Concurrency in Swift is very tricky. Not only is the language changing regularly, possibly causing working code to break, it has not brought forward useful features from Objective-C which simplified thread safety. One feature in particular in the @synchronized
directive which ensures a block of code is thread safe. It is possible to use features like NSLock
or DispatchSemaphore
but these are not as simple to use as the directive available in Objective-C.
This sample project implements functionality like @synchronized
for Swift. It uses DispatchSemaphore
to ensure only one instance is executed at a time. It uses a global variable for the semaphore which may not be ideal for a high performant application. For simple cases this solution may be sufficient. Feedback in the form of new Issues or Pull Requests are appreciated.
Managing code which is running concurrently across different threads or queues is dangerous because values may not be in sync and implementing a concurrency solution risks deadlocking which is hard to track down and fix. That is what made the @synchronized
directive in Objective-C so helpful. It made the implementation simple which reduced the risk of values getting out of sync or causing a deadlock.
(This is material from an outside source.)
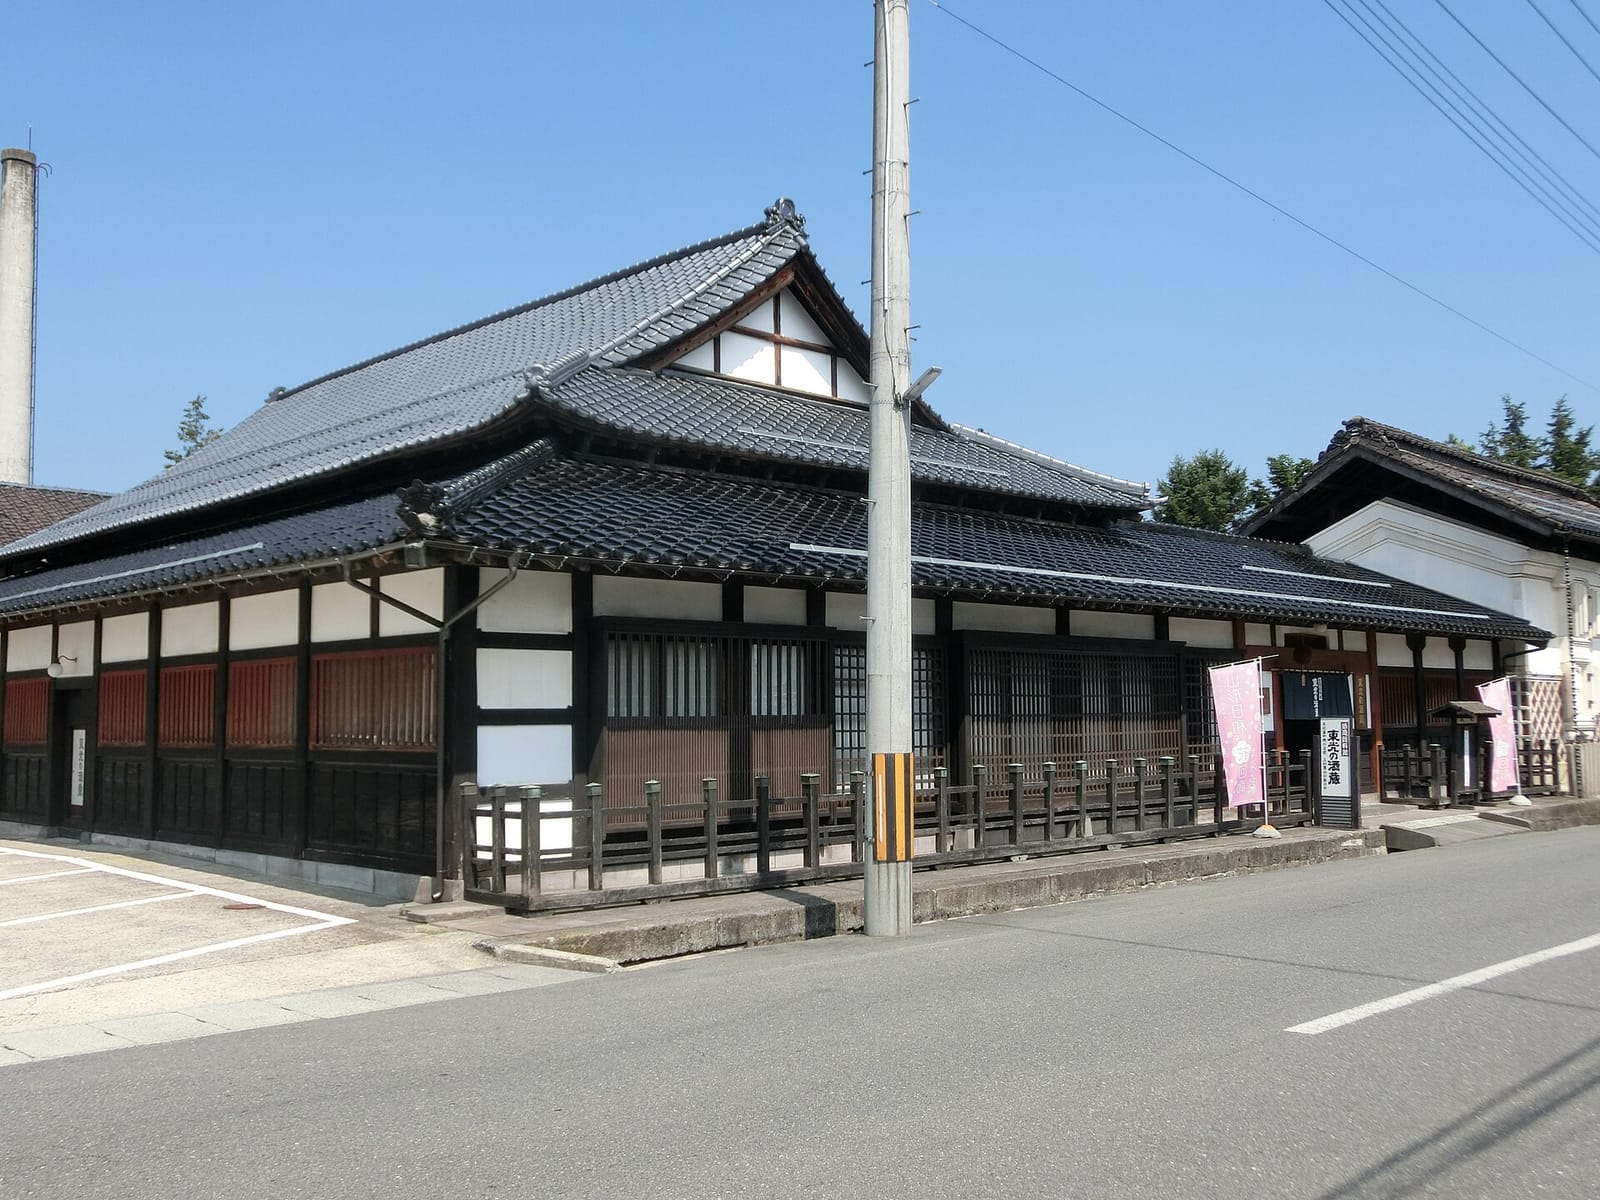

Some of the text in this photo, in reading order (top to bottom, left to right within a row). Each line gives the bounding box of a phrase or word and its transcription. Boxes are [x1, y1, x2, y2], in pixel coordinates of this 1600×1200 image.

[1327, 729, 1340, 785] 東光の酒蔵
With optionals and initialization being such an important focus in Swift there are often constructs in place which will require managing a thread safe initialization sequence. It is tempting to use a lazy
property, assuming the block is only run once and is thread safe, but it is not. The documentation on Properties notes
the following:
If a property marked with the lazy modifier is accessed by multiple threads simultaneously and the property has not yet been initialized, there is no guarantee that the property will be initialized only once.
Since it is not possible to rely on atomic properties it is necessary to ensure that critical properties are managed in a thread safe way. And a reuseable solution allows for relying on a tested solution which is known to work instead of carefully implementing a unique implementation each time it is needed.
Run a synchronized block which is non-escaping with the code below.
public func work() {
synchronized {
// do work here
}
}
When your closure returns a value you can do so with a variation of the same function.
private func work() {
synchronized { () -> String in
// return a value after working
}
}
A series of unit tests are included which attempt to break the implementation. Run these unit tests yourself with the version of Swift you are using to ensure that the synchronized functions work as intended.